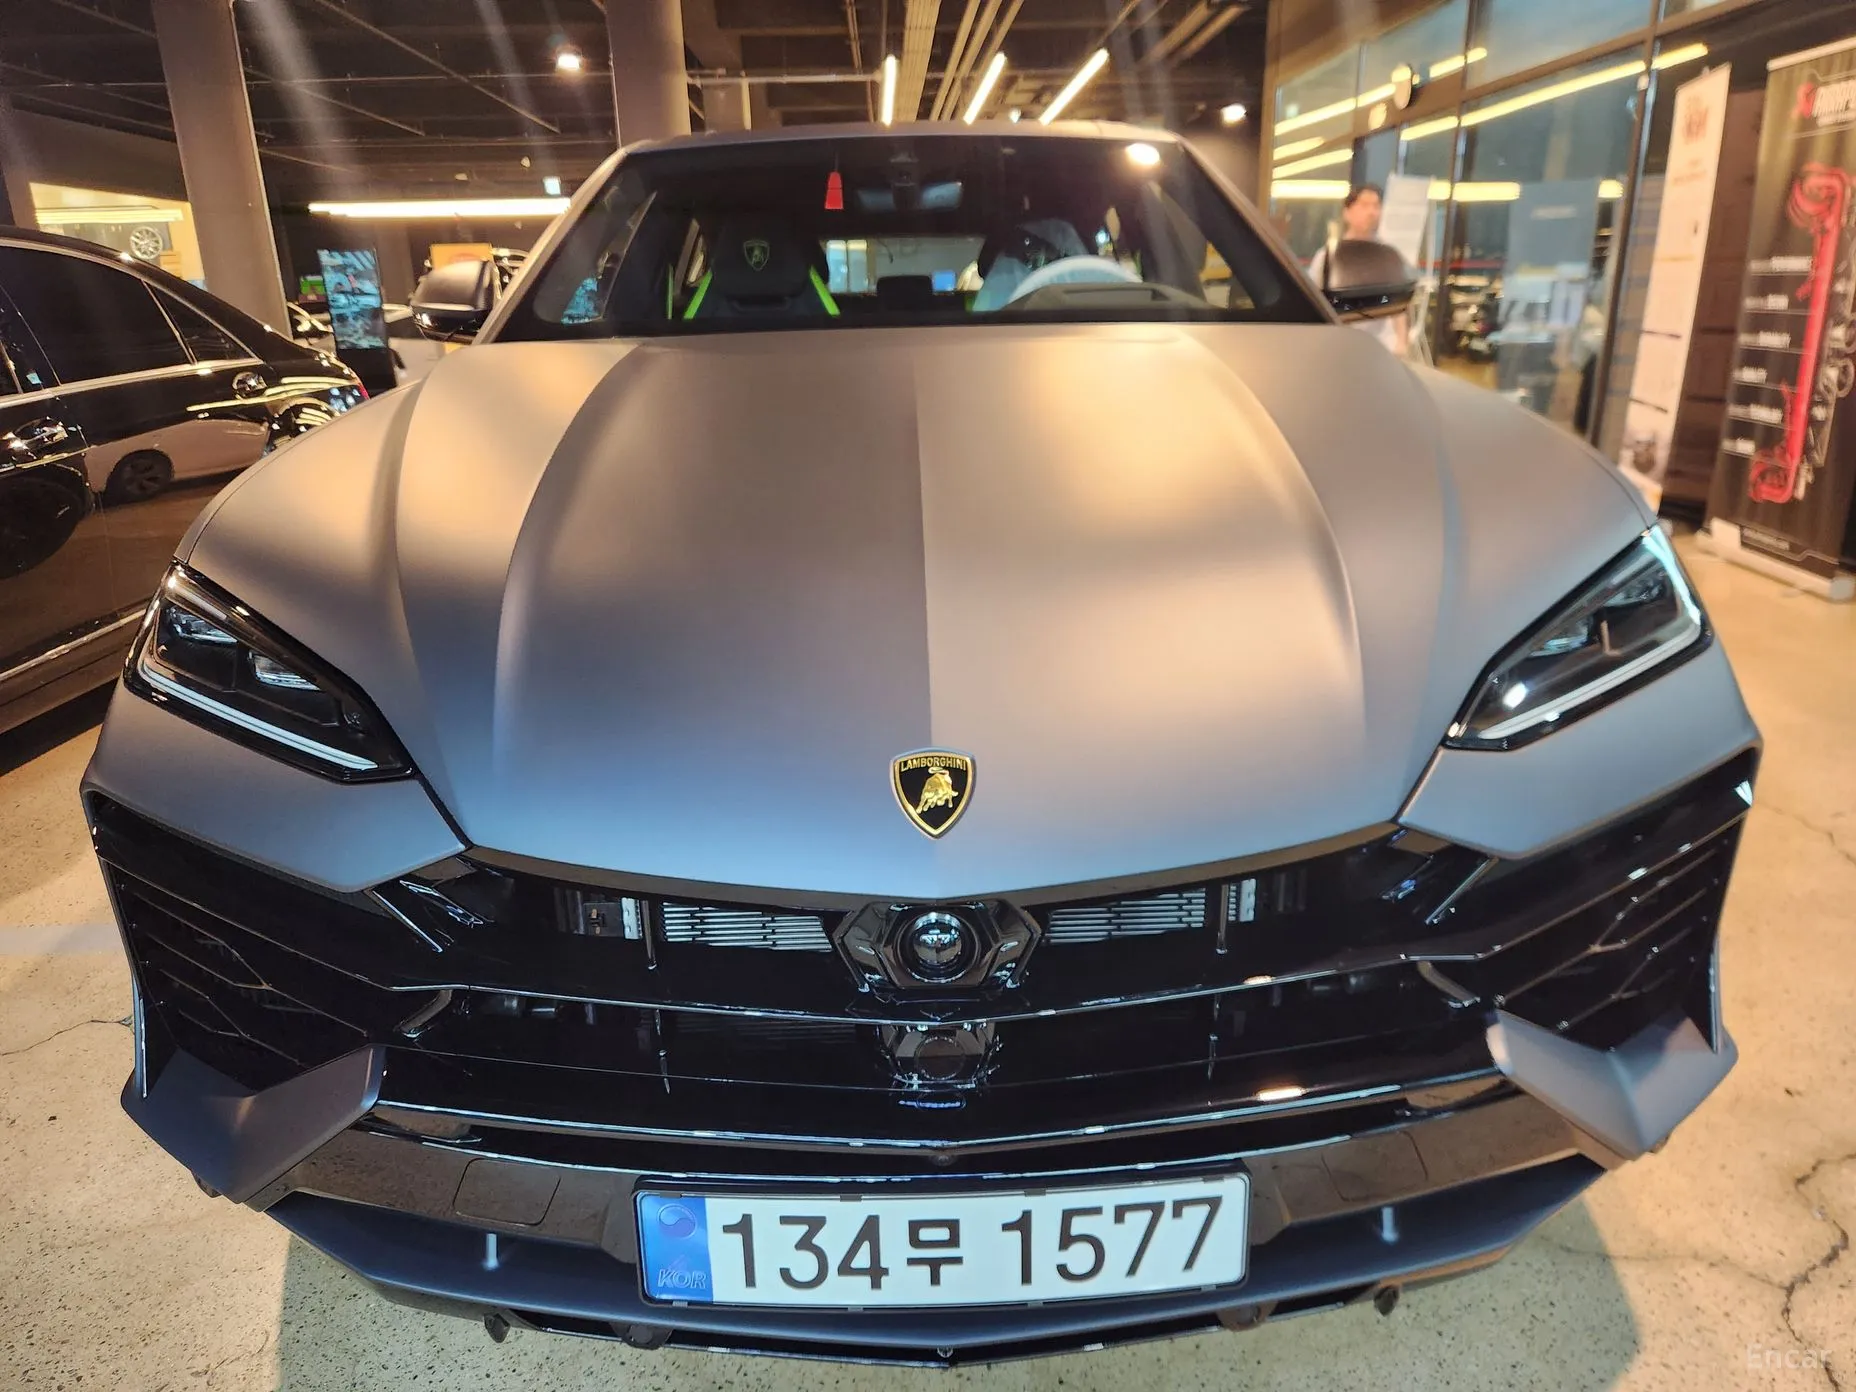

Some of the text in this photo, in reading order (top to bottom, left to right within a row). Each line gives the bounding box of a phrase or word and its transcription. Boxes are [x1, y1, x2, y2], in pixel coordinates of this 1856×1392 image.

[901, 757, 966, 772] LAMBORGHINI
[722, 1196, 1224, 1290] 134무 1577
[657, 1268, 706, 1289] KOR
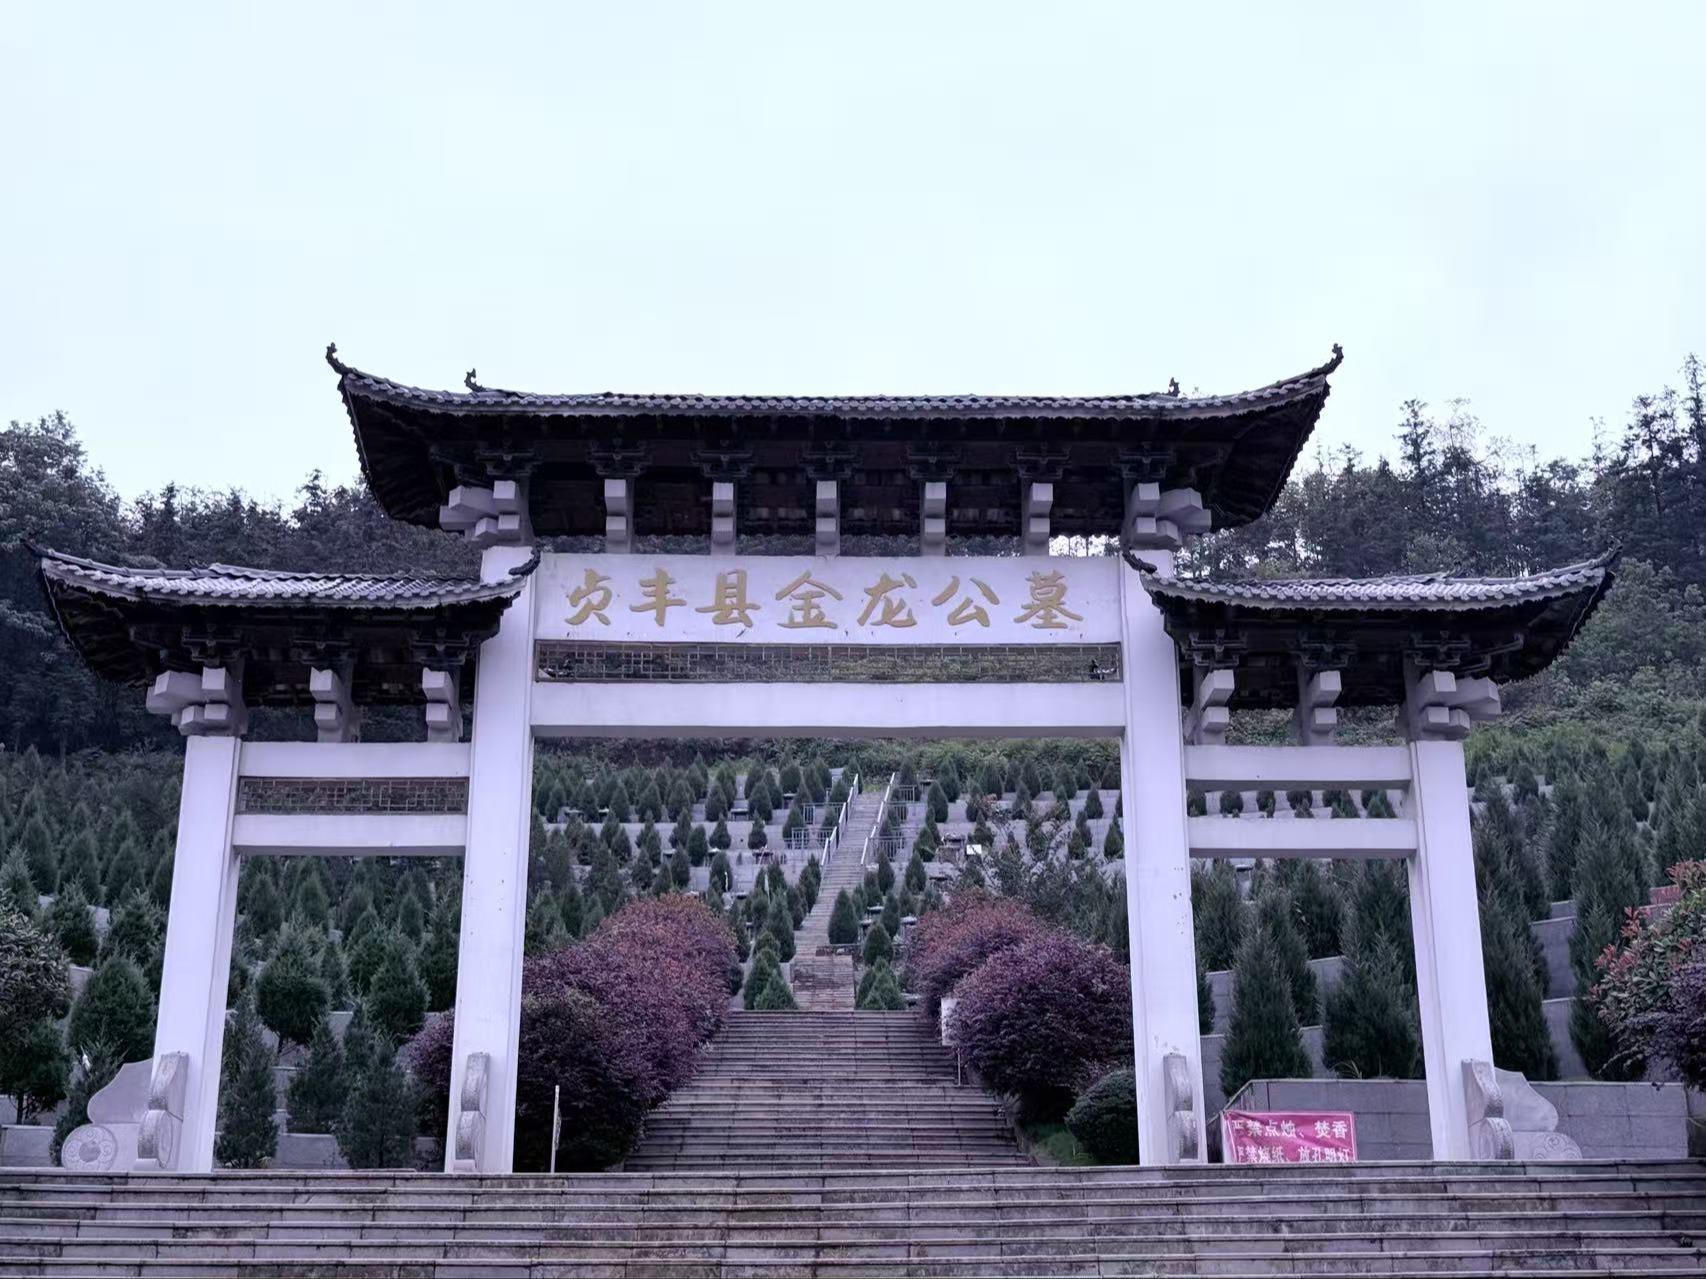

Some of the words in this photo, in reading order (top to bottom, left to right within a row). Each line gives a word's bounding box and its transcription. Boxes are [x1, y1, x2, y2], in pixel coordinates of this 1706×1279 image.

[565, 567, 1084, 630] 贞丰县金龙公墓
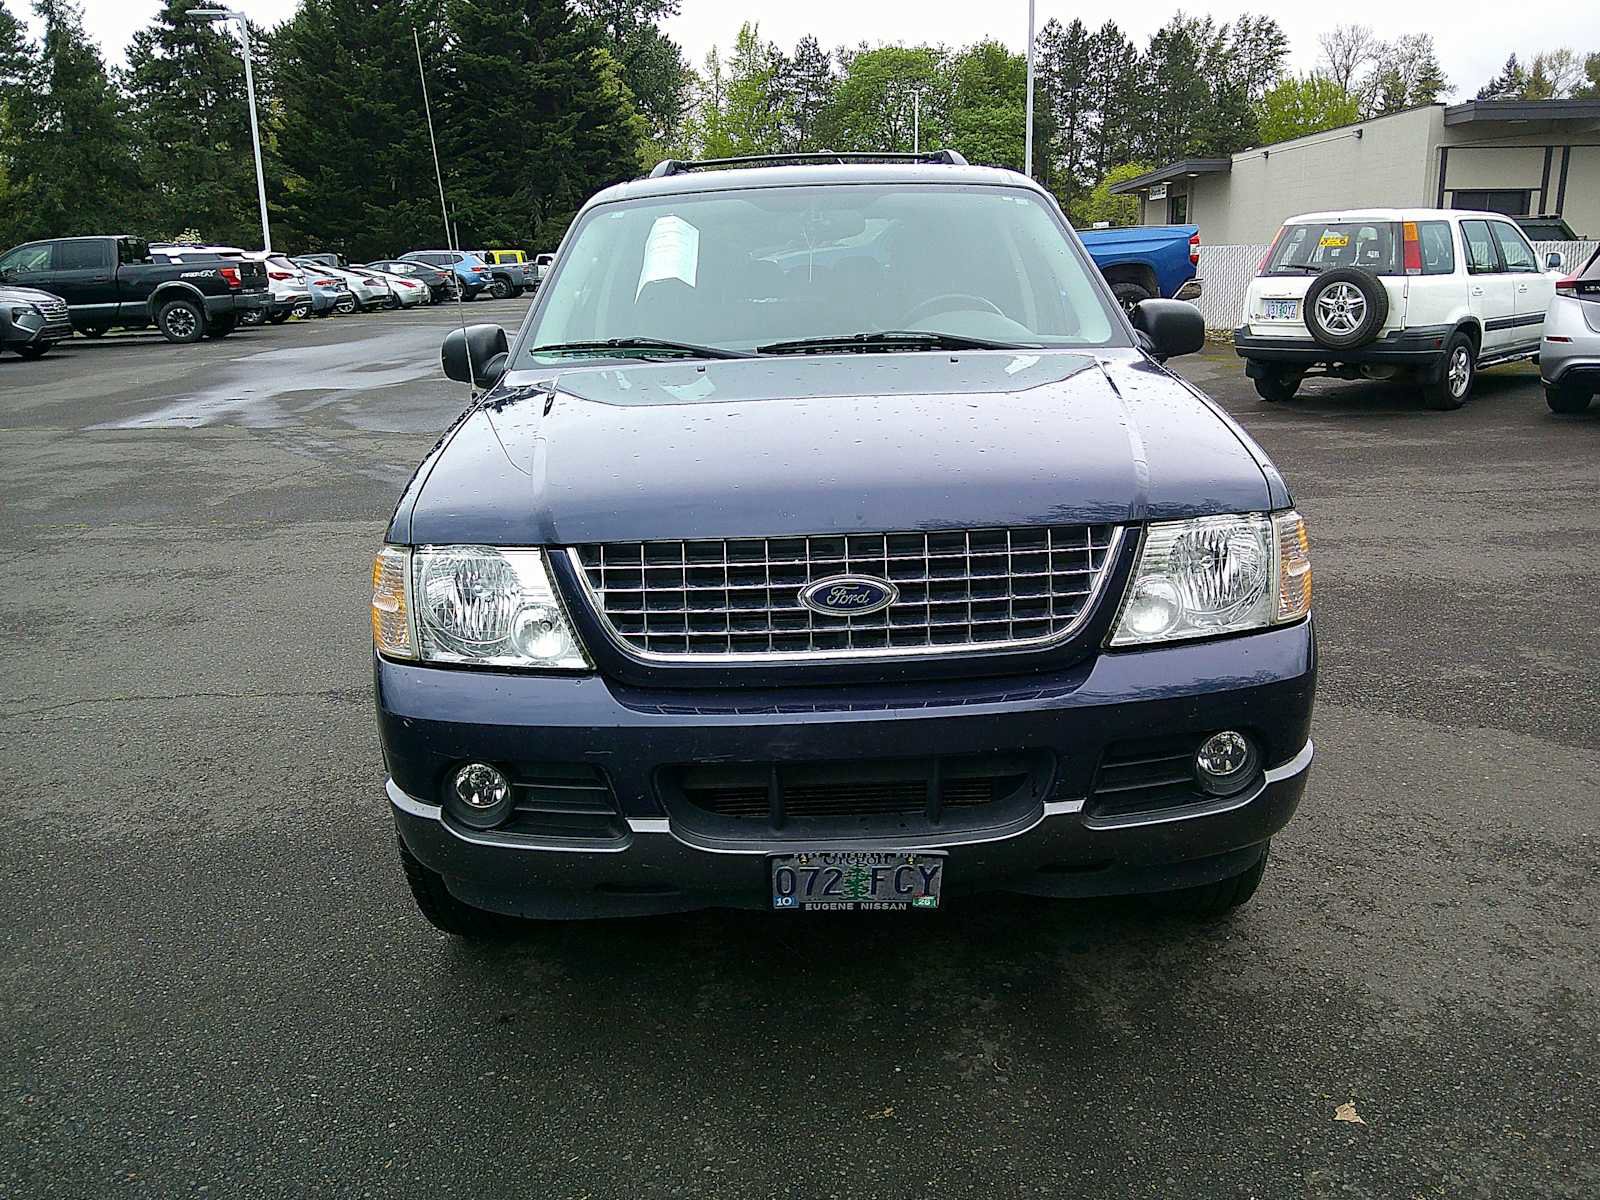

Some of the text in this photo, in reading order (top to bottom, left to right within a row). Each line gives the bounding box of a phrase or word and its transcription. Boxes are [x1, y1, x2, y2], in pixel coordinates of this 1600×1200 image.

[826, 585, 870, 606] Ford
[776, 864, 941, 896] 072 FCY
[776, 896, 792, 907] 10
[805, 903, 907, 911] EUGENE NISSAN
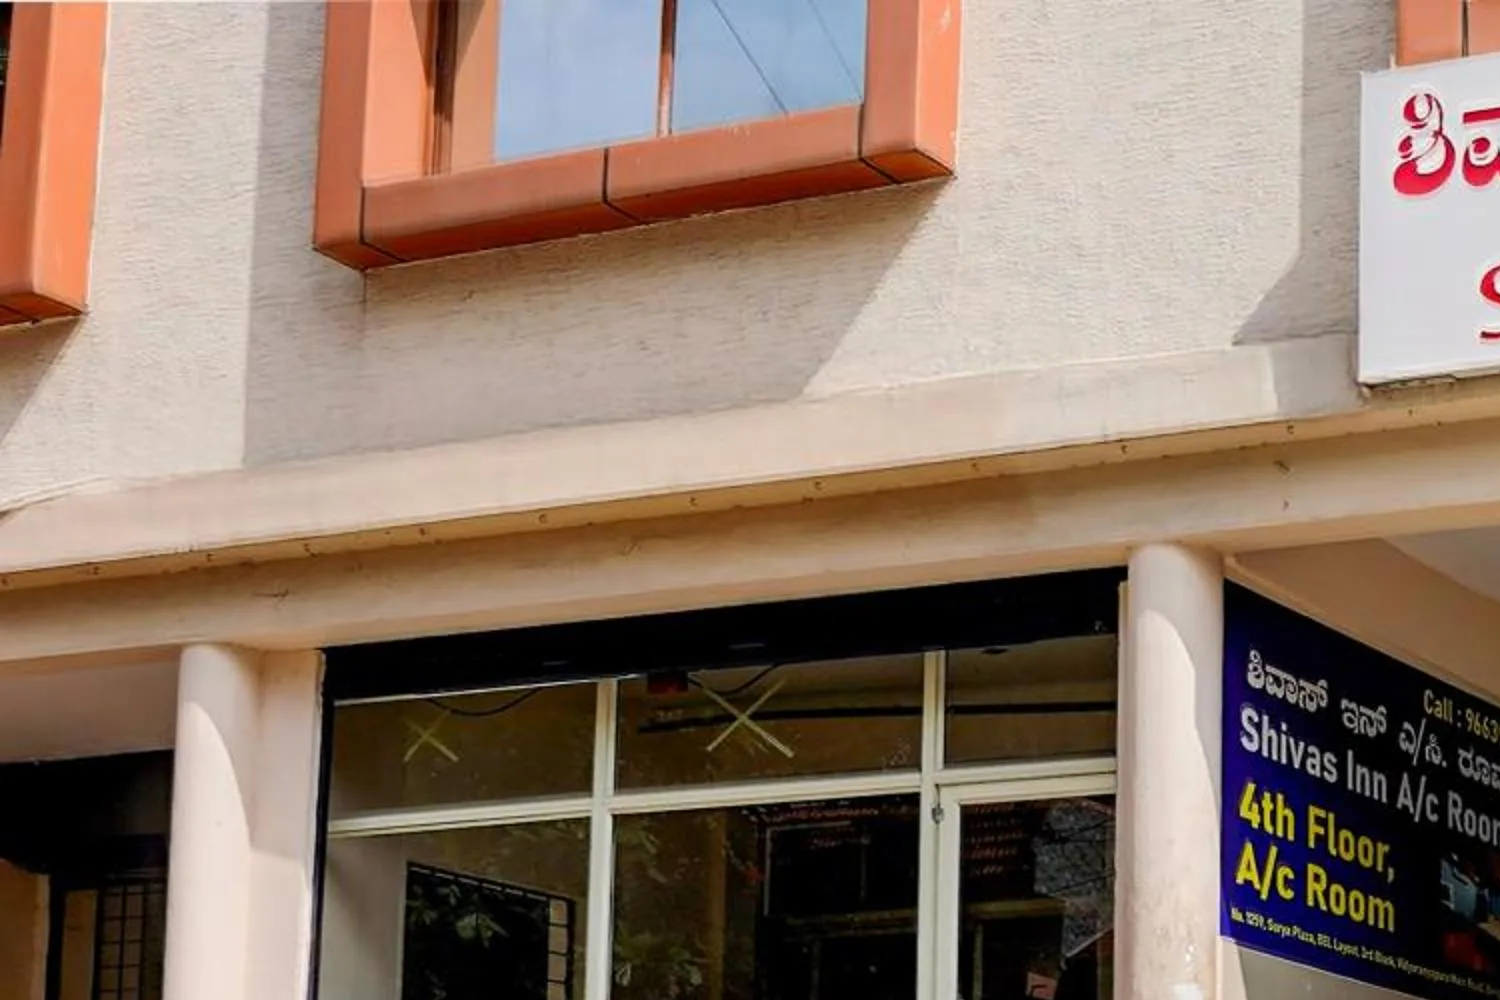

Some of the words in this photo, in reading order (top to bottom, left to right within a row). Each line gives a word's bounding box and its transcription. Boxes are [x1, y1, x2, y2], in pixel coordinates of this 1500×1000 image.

[1246, 648, 1330, 714] ಶಿವಾಸ್
[1424, 689, 1453, 725] Call
[1241, 708, 1339, 784] Shivas
[1347, 749, 1388, 804] Inn
[1397, 771, 1440, 824] A/c
[1238, 781, 1296, 842] 4th
[1307, 804, 1396, 884] Floor,
[1234, 840, 1295, 901] A/c
[1306, 862, 1396, 933] Room

- - - - -

### Action item
Transcribe the records in full and exactly. Pictures stay out.

### Result below
Some of the text in this photo, in reading order (top to bottom, left to right within a row). Each line gives the bounding box of a phrase or word and its transcription. Boxes are [x1, y1, x2, y2], in pixel coordinates of this 1856×1392 image.

[901, 757, 966, 772] LAMBORGHINI
[722, 1196, 1224, 1290] 134무 1577
[657, 1268, 706, 1289] KOR

Some of the words in this photo, in reading order (top to bottom, left to right within a row). Each line gives a word's bounding box and its transcription. Boxes are [x1, y1, x2, y2], in pixel coordinates of this 1706×1279 image.

[565, 567, 1084, 630] 贞丰县金龙公墓

Some of the text in this photo, in reading order (top to bottom, left to right within a row). Each line gives the bounding box of a phrase or word and its transcription. Boxes are [x1, y1, x2, y2], in pixel coordinates of this 1600×1200 image.

[826, 585, 870, 606] Ford
[776, 864, 941, 896] 072 FCY
[776, 896, 792, 907] 10
[805, 903, 907, 911] EUGENE NISSAN

Some of the words in this photo, in reading order (top to bottom, left to right within a row). Each line gives a word's bounding box and its transcription. Boxes are [x1, y1, x2, y2], in pixel coordinates of this 1500×1000 image.

[1246, 648, 1330, 714] ಶಿವಾಸ್
[1424, 689, 1453, 725] Call
[1241, 708, 1339, 784] Shivas
[1347, 749, 1388, 804] Inn
[1397, 771, 1440, 824] A/c
[1238, 781, 1296, 842] 4th
[1307, 804, 1396, 884] Floor,
[1234, 840, 1295, 901] A/c
[1306, 862, 1396, 933] Room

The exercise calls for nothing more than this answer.